TASK PROMPT → Write every line of the material again exactly, with no pictures in the copy.

MATERIAL FOR THIS EXERCISE →
---*---

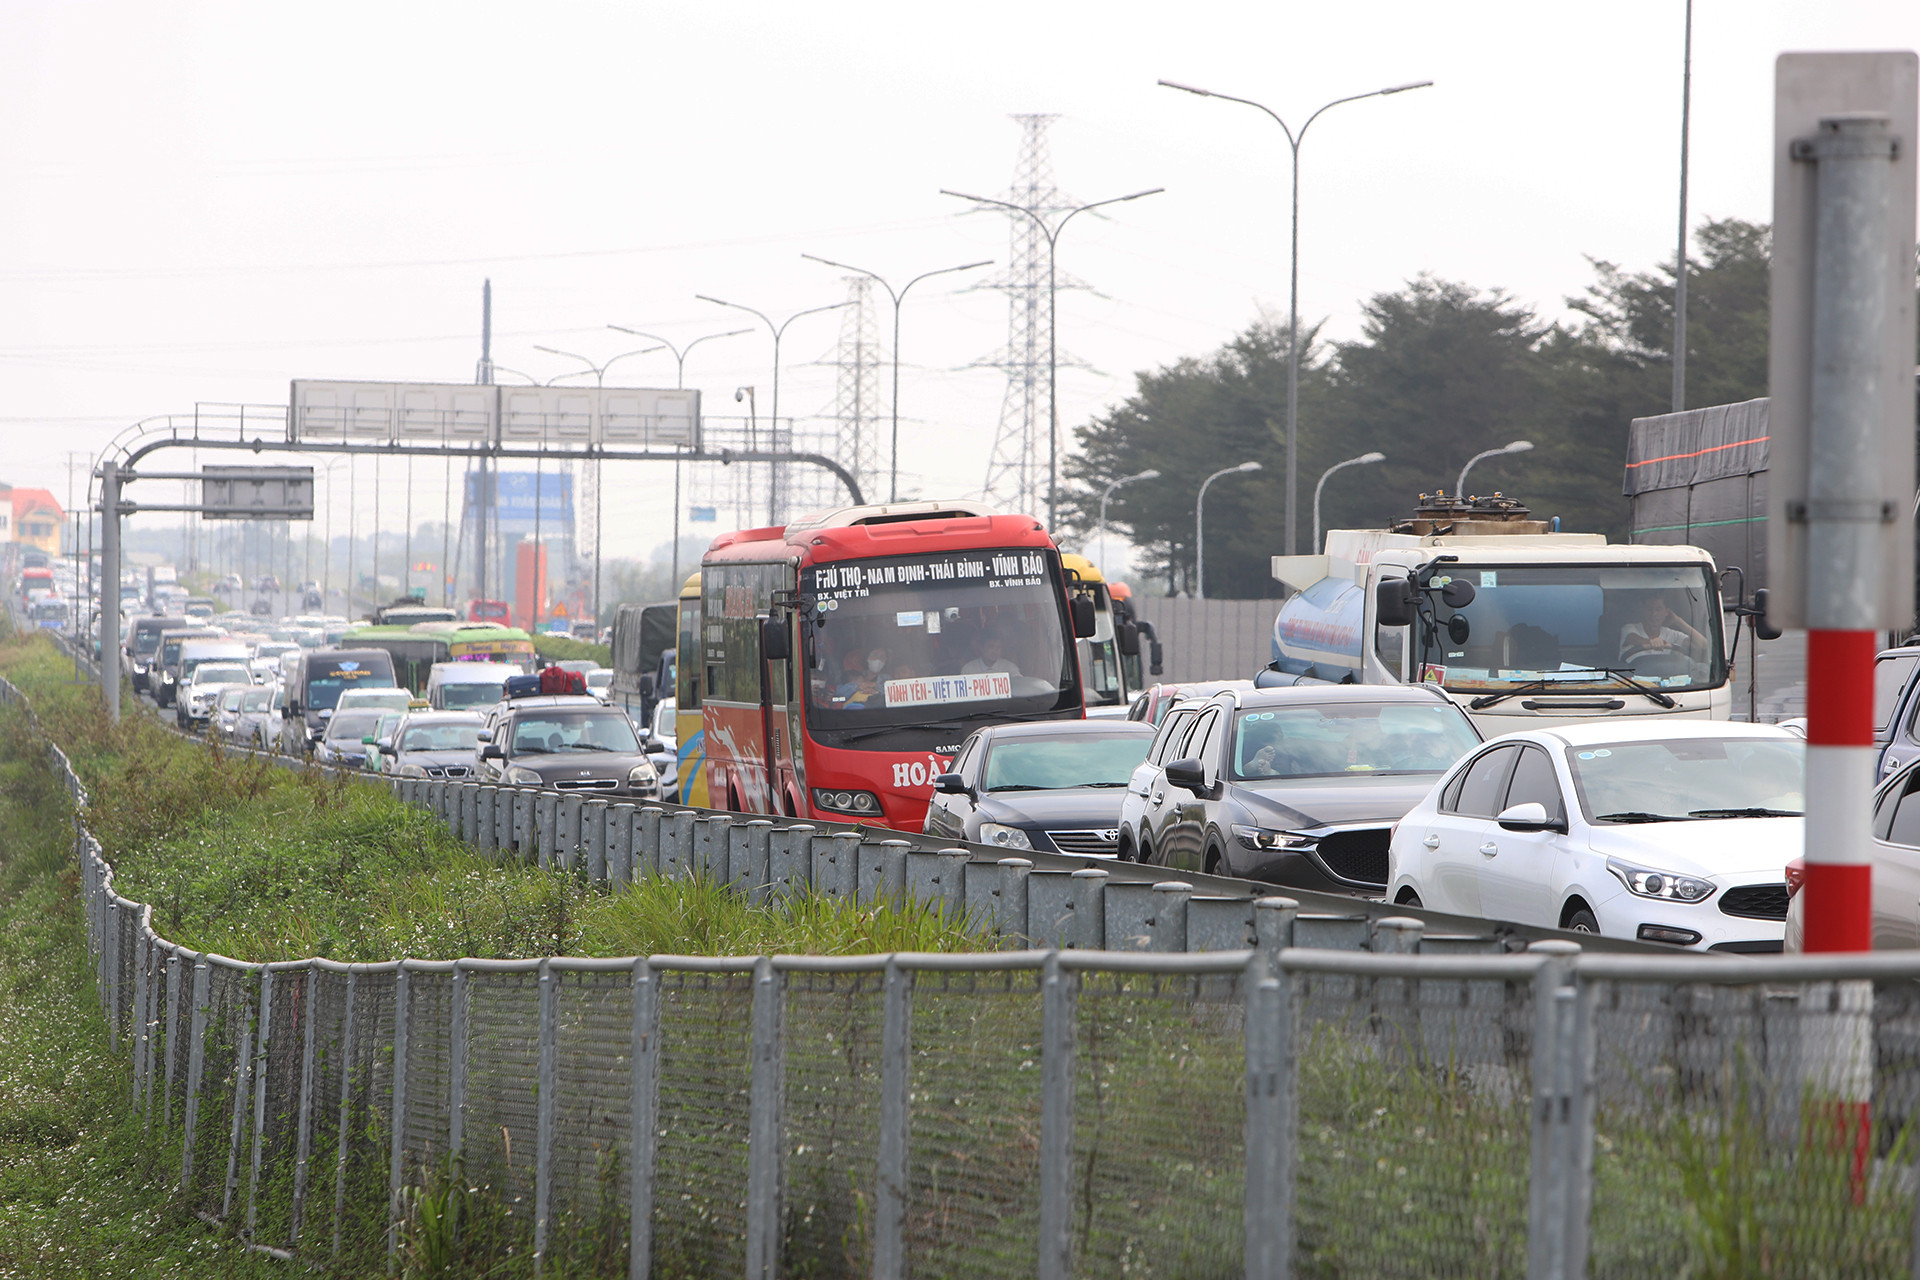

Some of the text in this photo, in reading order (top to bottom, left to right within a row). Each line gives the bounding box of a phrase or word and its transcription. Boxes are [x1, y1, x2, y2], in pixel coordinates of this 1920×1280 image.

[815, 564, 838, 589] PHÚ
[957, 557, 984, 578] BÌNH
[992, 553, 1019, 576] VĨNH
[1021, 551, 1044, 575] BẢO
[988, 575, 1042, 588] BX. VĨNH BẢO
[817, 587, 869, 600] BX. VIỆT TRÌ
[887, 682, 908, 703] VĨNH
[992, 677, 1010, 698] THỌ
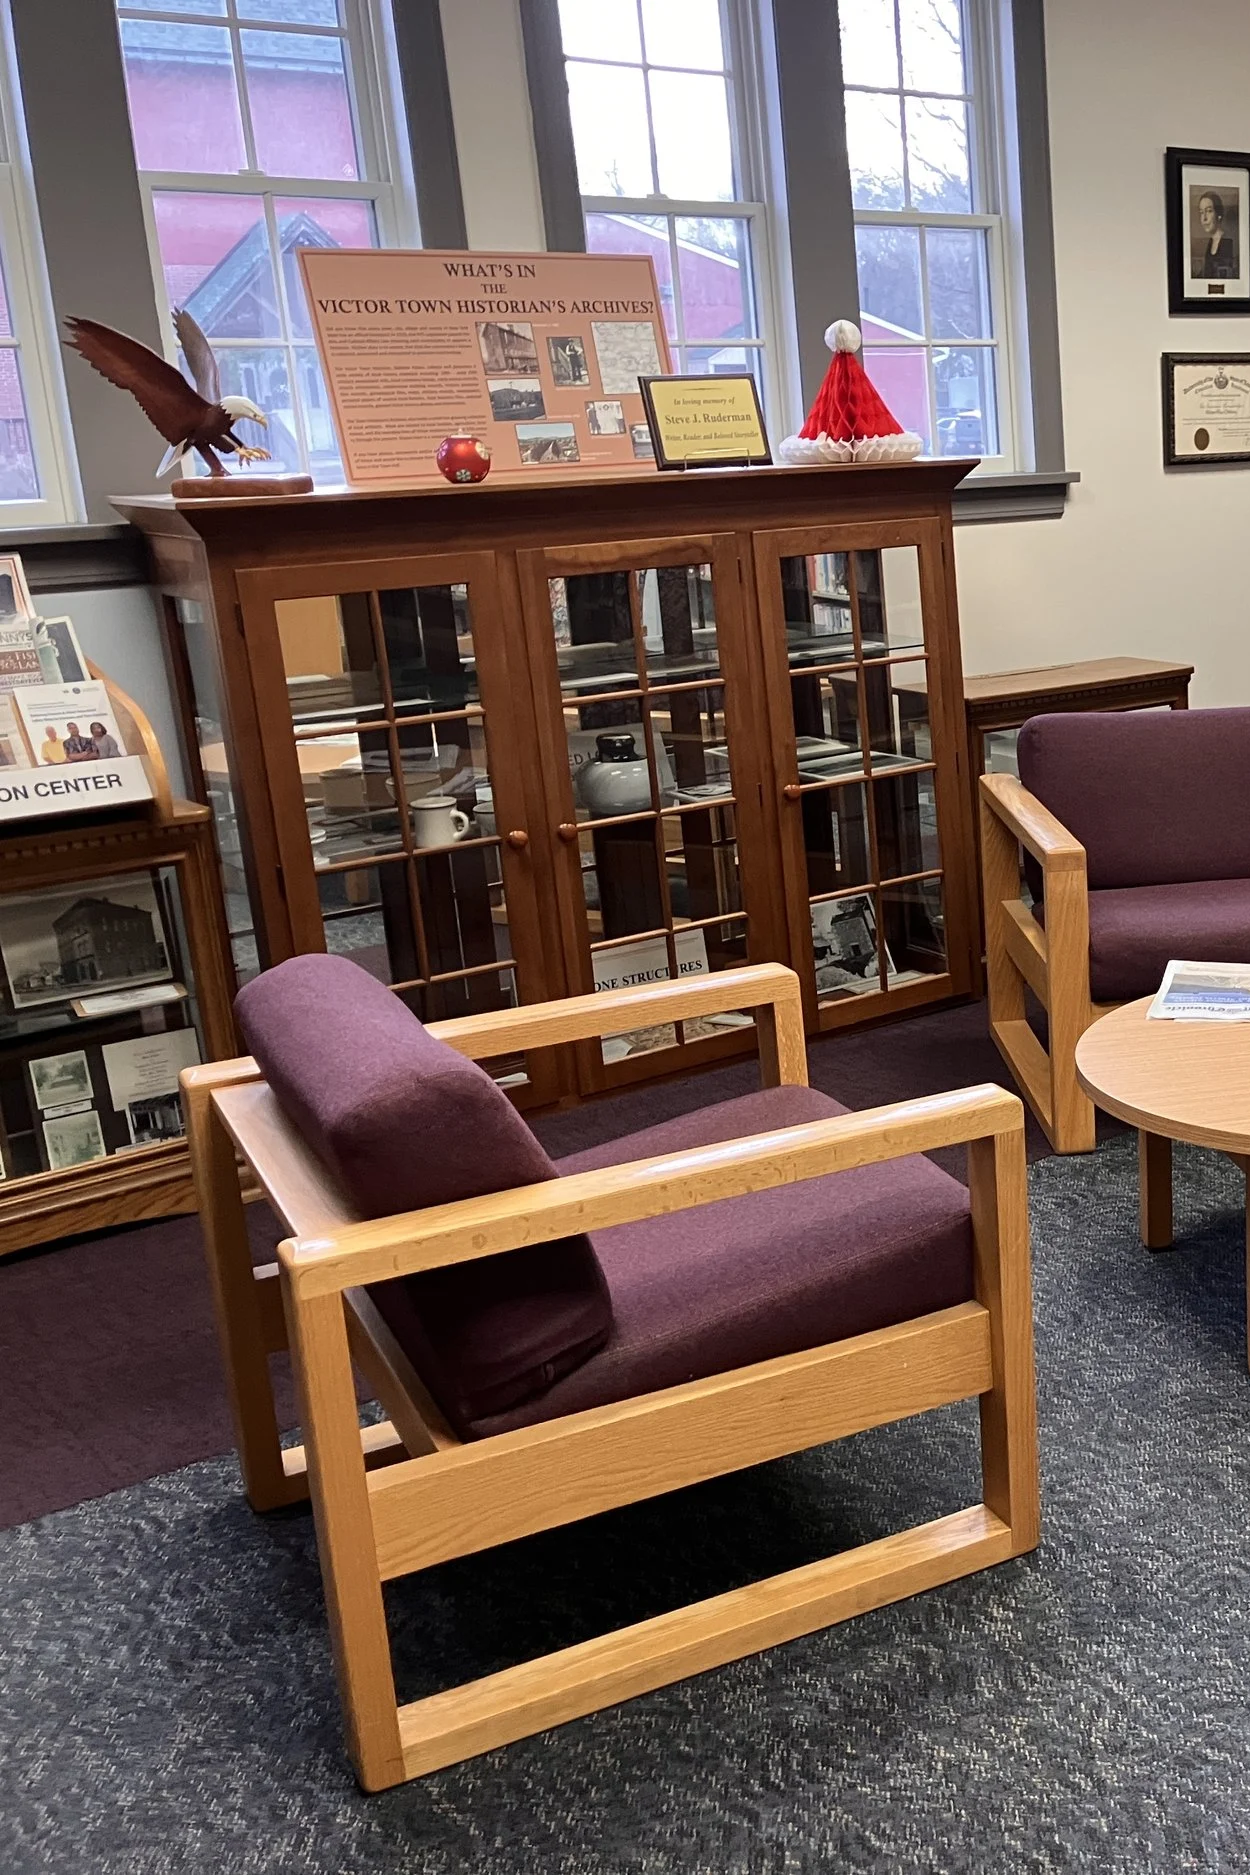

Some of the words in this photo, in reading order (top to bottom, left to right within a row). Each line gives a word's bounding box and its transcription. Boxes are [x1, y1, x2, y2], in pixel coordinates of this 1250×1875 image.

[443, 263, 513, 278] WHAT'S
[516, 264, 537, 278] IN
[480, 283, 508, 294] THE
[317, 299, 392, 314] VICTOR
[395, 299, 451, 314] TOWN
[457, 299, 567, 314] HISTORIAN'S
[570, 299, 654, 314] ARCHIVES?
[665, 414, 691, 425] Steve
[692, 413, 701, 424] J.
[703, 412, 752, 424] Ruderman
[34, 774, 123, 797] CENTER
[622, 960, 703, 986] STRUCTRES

---*---

WRITTEN RESPONSE →
Some of the text in this photo, in reading order (top to bottom, left to right within a row). Each line gives the bounding box of a phrase or word and its transcription. Boxes are [x1, y1, x2, y2], in pixel coordinates of this 1920×1280 image.

[815, 564, 838, 589] PHÚ
[957, 557, 984, 578] BÌNH
[992, 553, 1019, 576] VĨNH
[1021, 551, 1044, 575] BẢO
[988, 575, 1042, 588] BX. VĨNH BẢO
[817, 587, 869, 600] BX. VIỆT TRÌ
[887, 682, 908, 703] VĨNH
[992, 677, 1010, 698] THỌ

Some of the words in this photo, in reading order (top to bottom, left to right within a row). Each line gives a word's bounding box and its transcription. Boxes are [x1, y1, x2, y2], in pixel coordinates of this 1250×1875 image.

[443, 263, 513, 278] WHAT'S
[516, 264, 537, 278] IN
[480, 283, 508, 294] THE
[317, 299, 392, 314] VICTOR
[395, 299, 451, 314] TOWN
[457, 299, 567, 314] HISTORIAN'S
[570, 299, 654, 314] ARCHIVES?
[665, 414, 691, 425] Steve
[692, 413, 701, 424] J.
[703, 412, 752, 424] Ruderman
[34, 774, 123, 797] CENTER
[622, 960, 703, 986] STRUCTRES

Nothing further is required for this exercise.